Com veto parcial aprovado, Lorena regulariza níveis de escolaridade para cargos de confiança

Com apenas dois votos a favor emenda cai, e nível superior é garantido para chefia de CEO

Marcondes, que tem novas regras; cargos de confiança têm nível de escolaridade regularizado (Foto: Arquivo Atos)
Marcondes, que tem novas regras; cargos de confiança têm nível de escolaridade regularizado (Foto: Arquivo Atos)

Rafaela Lourenço
Lorena

Foi aprovado na última sessão um veto parcial do Executivo a um projeto que regulariza e estipula o nível de escolaridade exigido de aproximadamente 190 cargos da Prefeitura de Lorena, entre eles o de chefia e diretoria. O veto causou discórdia entre os parlamentares, mas conseguiu a aprovação por 13 votos a 2.

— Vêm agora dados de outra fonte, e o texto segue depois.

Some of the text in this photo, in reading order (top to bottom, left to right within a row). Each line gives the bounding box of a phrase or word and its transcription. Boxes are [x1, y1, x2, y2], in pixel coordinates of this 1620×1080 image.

A proposta segue um apontamento do Tribunal de Contas, que exige a regularização específica dos níveis de escolaridade dos cargos da Prefeitura. Ela passou pela Casa no último dia 20 e recebeu uma emenda modificativa do vereador Elcio Vieira Junior (PV), aprovada por unanimidade, mas vetada por Fábio Marcondes (PSDB). O veto entrou em discussão na última sessão, através de um requerimento de regime de urgência assinado por oito vereadores da base. O documento discorda da proposta de alteração da escolaridade do cargo de chefia do CEO (Centro de Especialidades Odontológicas), de nível superior para nível superior em odontologia.

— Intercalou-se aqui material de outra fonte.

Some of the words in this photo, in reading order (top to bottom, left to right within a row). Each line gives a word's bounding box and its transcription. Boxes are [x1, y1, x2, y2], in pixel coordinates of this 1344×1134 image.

O veto parcial foi aprovado por 13 votos a 2. Votaram contra apenas Pedro da Vila Brito (PTB) e Alfredo Investigador (PV), que é suplente de Elcinho, afastado das atividades. O primeiro alegou que a emenda “é plausível” pois não haveria condições de um profissional com outra formação coordenar os trabalhos de uma equipe de dentistas. “O Elcinho apresentou uma emenda colocando ensino superior em odontologia devido às especificações técnicas que o cargo exigia. Como colocar alguém sem esta formação para coordenar, sendo que ela não entende de dentista? Espero que não tenha diferença no atendimento à população”, frisou Pedro da Vila Brito.

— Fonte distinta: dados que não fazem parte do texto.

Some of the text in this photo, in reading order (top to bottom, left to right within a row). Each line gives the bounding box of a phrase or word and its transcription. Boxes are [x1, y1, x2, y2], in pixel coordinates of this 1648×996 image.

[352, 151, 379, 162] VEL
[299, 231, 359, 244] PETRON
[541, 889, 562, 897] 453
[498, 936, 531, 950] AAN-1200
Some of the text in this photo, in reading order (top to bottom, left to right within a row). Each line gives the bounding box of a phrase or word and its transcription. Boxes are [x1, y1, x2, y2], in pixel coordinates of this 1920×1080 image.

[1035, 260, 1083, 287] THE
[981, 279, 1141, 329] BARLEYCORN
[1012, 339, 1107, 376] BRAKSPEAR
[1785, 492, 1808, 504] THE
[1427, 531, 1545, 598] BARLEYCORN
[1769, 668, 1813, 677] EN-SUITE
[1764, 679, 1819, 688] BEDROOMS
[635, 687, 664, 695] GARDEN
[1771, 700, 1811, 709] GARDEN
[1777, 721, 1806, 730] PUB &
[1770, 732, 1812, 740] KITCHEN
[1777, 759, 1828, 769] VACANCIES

Já o secretário de Negócios Jurídicos, Adriano Aurélio dos Santos, explicou que as atribuições dos cargos de diretoria e chefia são apenas administrativas e não de atendimento prático aos pacientes, desta forma, sem a necessidade de uma especialização na área de atuação. Outro motivo que justifica o veto, é nível salarial, pois o salário inicial de um cirurgião dentista com ou sem especialidade contratado pela prefeitura, é de R$ 2,9 mil, já o chefe do CEO que vai apenas coordenador o atendimento e atenderá o balcão, a remuneração é de R$ 2 mil por 44 horas semanais. “Temos casos até recentes na história do país, como tivemos um ministro da Saúde sem ser médico, então não há necessidade de você ser profissional da área para administrar esse setor. Entendemos que se deixar um campo mais abrangente, pode inclusive dar um atendimento melhor aquele setor. E qual dentista vai querer trabalhar oito horas por dia para receber menos?”

Aurélio reforçou ainda que seria inviável colocar um dentista para atender balcão quando há outras atribuições específicas a sua formação.

O Executivo aguarda a chegada do projeto com o autógrafo final para que o prefeito sancione e publique a lei.